For the most part, my attempts to break HoloLens itself failed. Apps, on the other hand, crash and break all the time.
Intense gameplay will quickly show you where this headset gets warm, and unfortunately it's right next to your eyebrows. It takes quite a bit to make the headset heat up, but once it does you'll want to reposition HoloLens a little to keep your skin away from the warmer parts. This isn't hard to do thanks to the halo head connector used in mounting HoloLens, and the headset never got warm enough to feel more than a little uncomfortable, but it's still something to keep in mind.
For the most part, my attempts to break HoloLens itself failed. Apps, on the other hand, crash and break all the time. You can install a ton of apps from the Windows Store on HoloLens, but only the Made For HoloLens apps are actually guaranteed to work. Microsoft is working hard on this whole "One Windows" thing, and Windows Holographic is not a consumer product by any stretch, but this is still a little disjointed.

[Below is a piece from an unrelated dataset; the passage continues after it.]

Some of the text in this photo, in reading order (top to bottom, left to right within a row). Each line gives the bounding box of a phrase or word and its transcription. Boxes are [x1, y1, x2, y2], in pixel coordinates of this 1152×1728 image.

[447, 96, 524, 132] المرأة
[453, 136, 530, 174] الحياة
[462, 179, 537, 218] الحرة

Five hours into my HoloLens adventure and it was time to charge the headset. Instead of taking the headset off I decided to use a 6-foot cable and try to use the headset when plugged in. It turns out you can drain HoloLens faster than it can charge when you're playing Young Conker, so after another 30 minutes the headset finally shut down and left me wondering where I'd left the smartphone I hadn't touched in half a day.

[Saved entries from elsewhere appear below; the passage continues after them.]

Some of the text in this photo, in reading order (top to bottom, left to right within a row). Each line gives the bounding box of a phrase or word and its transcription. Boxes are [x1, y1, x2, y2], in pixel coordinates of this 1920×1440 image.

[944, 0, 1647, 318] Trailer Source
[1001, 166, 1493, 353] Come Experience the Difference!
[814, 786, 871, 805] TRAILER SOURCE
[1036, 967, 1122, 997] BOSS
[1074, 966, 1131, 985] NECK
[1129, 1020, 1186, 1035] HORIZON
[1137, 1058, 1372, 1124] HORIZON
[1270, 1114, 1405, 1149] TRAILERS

There are so many things about HoloLens I absolutely love. I think Microsoft has mostly nailed the interface. It's a modern take on windowed apps that I wish I had in all of my VR spaces. With Windows Holographic being made available to partners, it's possible we'll see exactly that on the HTC Vive someday, and that would be incredible. I like the design of the headset, even if I don't fully appreciate the weight of the current field of view. While obviously it'd be amazing for HoloLens to be Google Glass thin and fill my field of view, reality is going to settle on something in the middle, and that's going to be fun.
As developer kits go, HoloLens is exciting. I can't wait to see what happens when more developers start building concepts for this headset. As for a consumer launch, lets hope Microsoft has a killer second revision in mind.